Desde que los seres humanos poblamos la Tierra, hombres y mujeres, al nacer, buscan a su madre siguiendo el rastro de su olor. A través del líquido amniótico, a lo largo de los nueve meses de vida intrauterina, madre e hijo se comunican de muchas maneras. Los bebés pueden distinguir sus aromas y sonidos, como el timbre de la voz o el palpitar del corazón. El pequeño identifica sin dudar a la persona de la que depende por completo. Se han hecho experimentos con prendas que llevan el rastro de leche materna, para acercarlas a recién nacidos en cuneros de hospitales: los niños, con horas de vida, saben distinguir perfectamente la ropa de su mamá, rechazando las que llevan el registro aromático de otras mujeres.

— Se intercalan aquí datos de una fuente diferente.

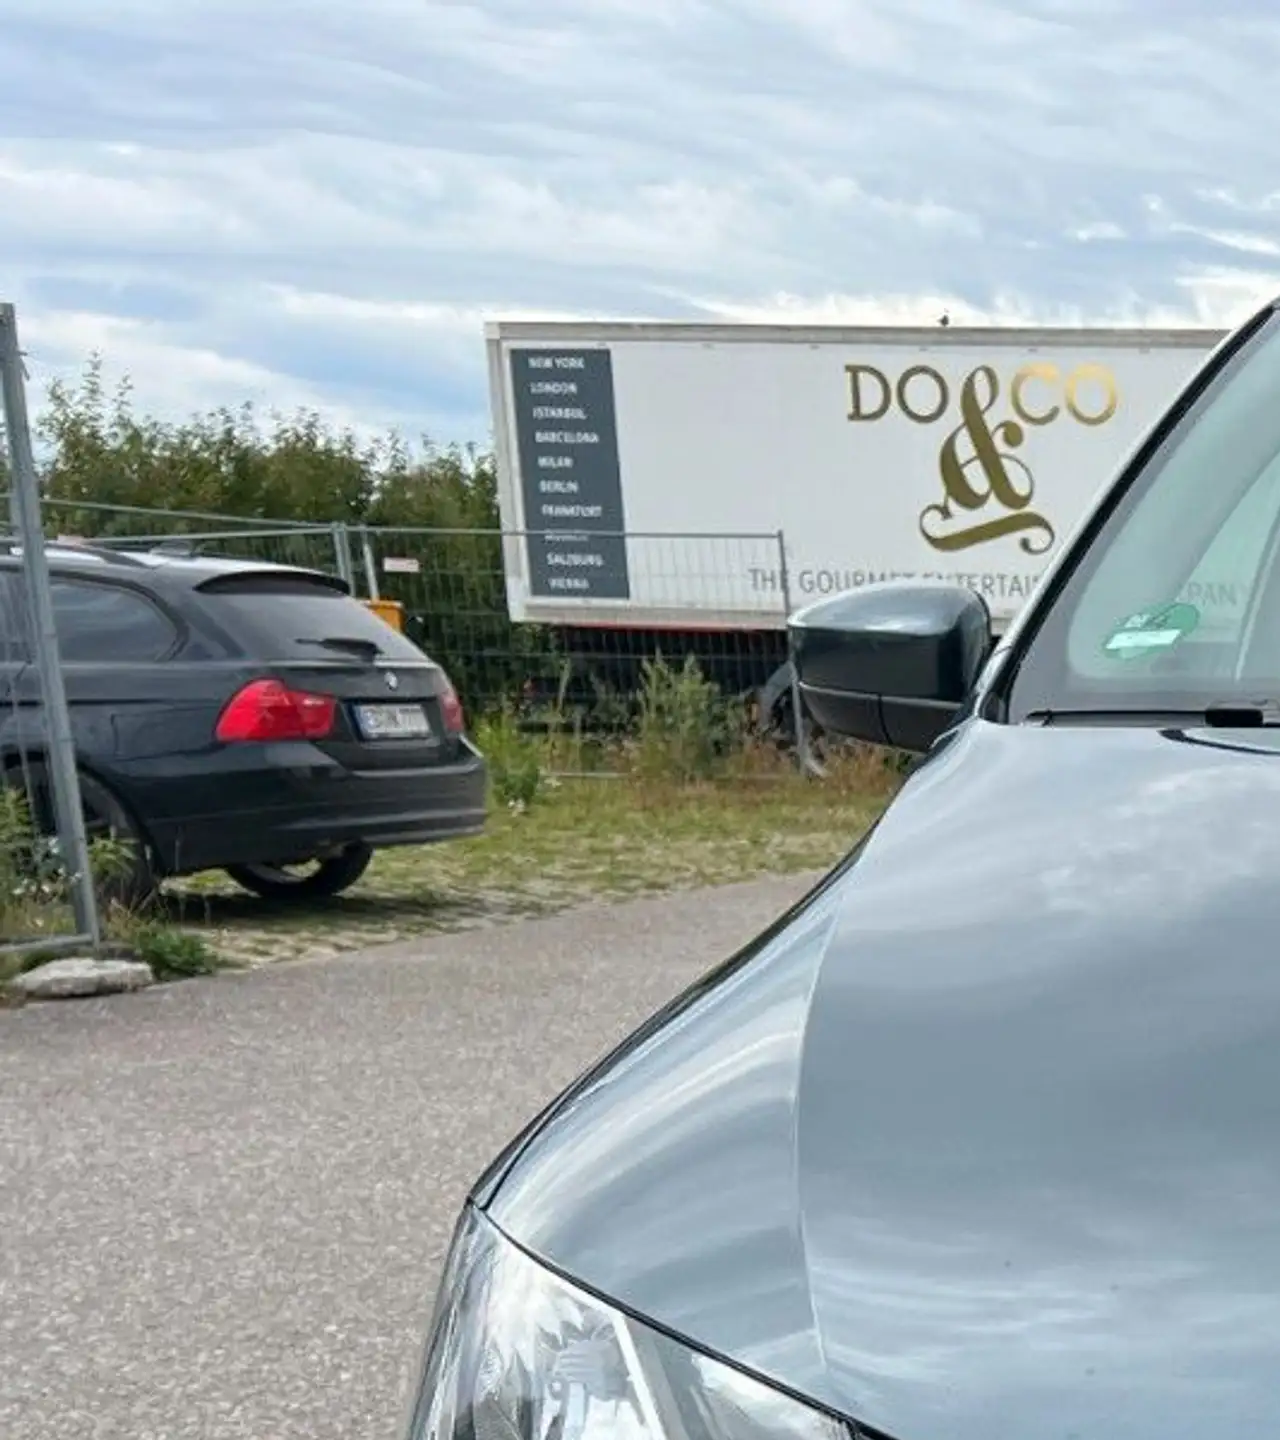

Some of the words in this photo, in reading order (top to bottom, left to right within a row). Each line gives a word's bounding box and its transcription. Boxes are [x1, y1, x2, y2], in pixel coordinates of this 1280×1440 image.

[529, 357, 553, 369] NEW
[555, 357, 585, 369] YORK
[531, 381, 577, 395] LONDON
[533, 406, 587, 420] ISTANBUL
[536, 430, 600, 444] BARCELONA
[539, 455, 574, 469] MILAN
[540, 479, 579, 494] BERLIN
[542, 503, 602, 518] FRANKFURT
[547, 551, 604, 567] SALZBURG
[799, 569, 916, 594] GOUR
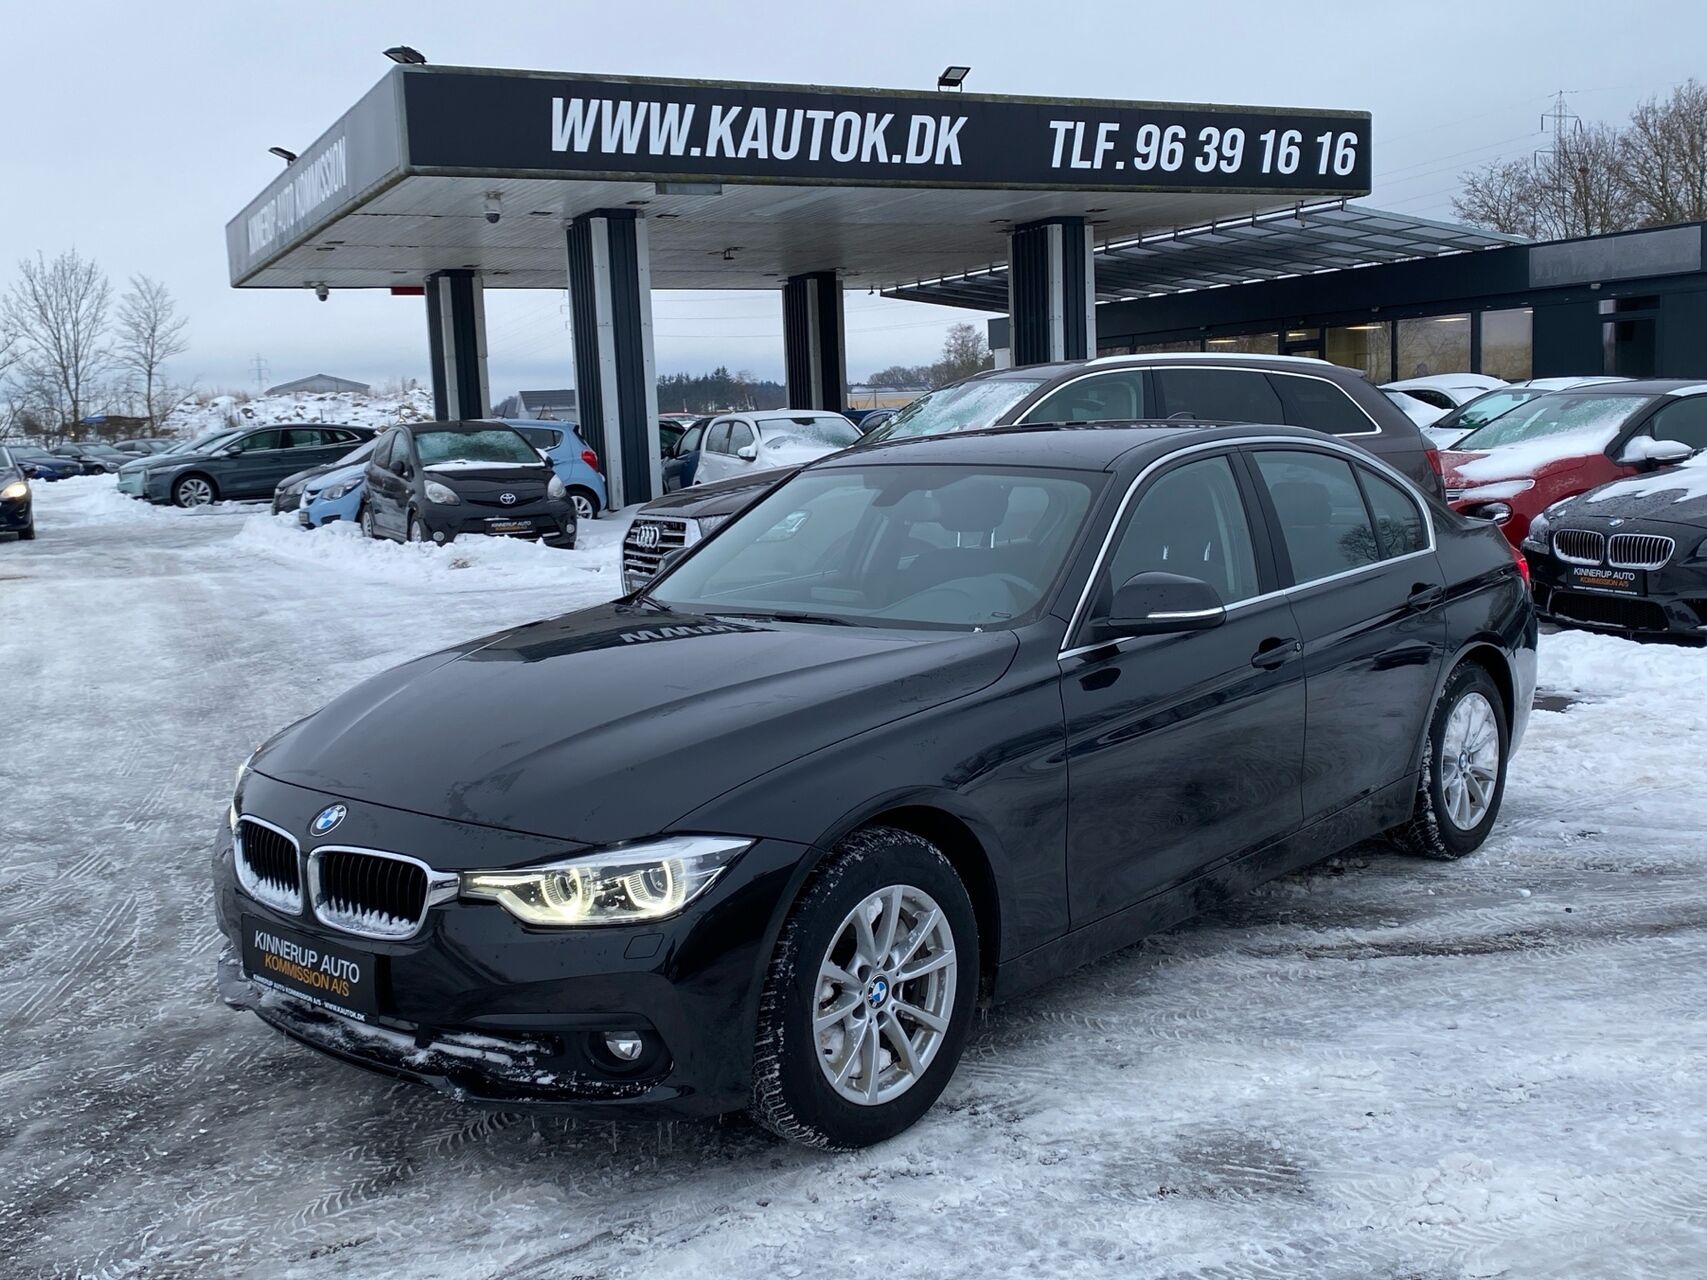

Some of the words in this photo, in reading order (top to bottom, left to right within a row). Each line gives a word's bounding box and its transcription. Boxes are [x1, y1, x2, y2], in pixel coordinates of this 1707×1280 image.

[551, 97, 968, 165] WWW.KAUTOK.DK
[1049, 120, 1125, 169] TLF.
[1133, 123, 1186, 172] 96
[1195, 126, 1246, 174] 39
[1259, 129, 1302, 175] 16
[1316, 131, 1358, 176] 16
[1573, 567, 1612, 578] KINNERUP
[1613, 571, 1635, 581] AUTO
[254, 930, 317, 968] KINNERUP
[320, 954, 360, 983] AUTO
[265, 953, 329, 990] KOMMISSION
[331, 978, 350, 997] A/S

Los científicos que estudian el comportamiento de los animales —humanos incluidos— han encontrado numerosas pruebas de que los aromas influyen en la conducta. Según Adam Gouraguine, de la Universidad de Essex en el Reino Unido, los peces tienen un sistema olfativo tan desarrollado como los humanos y cuando se encuentran en aguas que llevan el olor de un depredador, nadan con mayor rapidez, alejándose. También se activan más al descubrir el olor de un alimento, y se dirigen hacia esa zona en el agua.
Si eso ocurre con los peces, con mayor razón entre los miembros de la especie humana.

Nada es tan poderoso como un aroma para traer a la mente una memoria almacenada y hacernos vivir de nuevo un momento del pasado. Al aspirar a fondo y reconocer el conjunto de olores asociados a un recuerdo, podemos recrear una conversación, recordar frases o notas musicales, los nombres y rostros de las personas con quienes vivimos esa experiencia, los platillos que disfrutamos y la belleza del paisaje que nos rodeaba.

Los perfumistas pueden provocar emociones a través de un aroma. Saben que un olor, desde el punto de vista químico, es un estímulo y percepción producida en el olfato por la interacción de una sustancia orgánica con los receptores olfativos. Los expertos coinciden en clasificar los olores en siete primarios: etéreo, alcanforado, almizcle, floral, mentolado, picante y pútrido.

En el terreno del amor, el aroma juega un papel esencial. La “Oda a su aroma”, de Pablo Neruda, dice: “Sumergido en la frescura de tu amor, amada, / como en un manantial o en el sonido / de un campanario arriba / entre el olor del cielo / y el vuelo de las últimas aves / amor, olor, palabra / de tu piel, del idioma / de la noche en tu noche, del día en tu mirada. // Desde tu corazón / sube tu aroma / como desde la tierra la luz / hasta la cima del cerezo / en tu piel yo detengo tu latido / y huelo la ola de luz que sube / la fruta sumergida en su fragancia”.

A veces buscamos un aroma que alguna vez gozamos y registramos en el recuerdo, entre las memorias del placer. Jaime Sabines, el autor chiapaneco, escribió el poema “He aquí que tú estás sola y yo estoy solo”. Dicen sus estrofas: “Ya no sé dónde estás. Yo ya he olvidado / quién eres, dónde estás, cómo te llamas. / Yo soy sólo una parte, sólo un brazo / una mitad apenas, sólo un brazo. // Te recuerdo en mi boca y en mis manos. / Con mi lengua y mis ojos y mis manos / te sé, sabes a amor, a dulce amor, a carne / a siembra, a flor, hueles a amor, a ti / hueles a sal, sabes a sal, amor y a mí. / En mis labios te sé, te reconozco, / y giras y eres y miras incansable / y toda tú me suenas / dentro del corazón como mi sangre”.

Nada como la poesía para explicar las experiencias humanas. Leemos versos de los grandes autores como quien busca la clave del conocimiento, la llave que gira en el corazón para abrirlo y dejar que la sangre brote y con ella, como si fuera tinta, podamos dejar constancia de nuestro paso por el mundo.

“Déjame ser el lobo”, poema de Alberto Ruy Sánchez, dice: “Desde el lado obscuro de tu piel / me iluminas. // Déjame ser el lobo / —sombra de sed y perro y hambre— / que entra en la noche / de tu cuerpo / con pasos húmedos, / titubeantes, / por tu bosque incierto / —tu olor a mar me guía / hacia tu oleaje — / para tocar adentro / la luna creciente / de tu sonrisa”.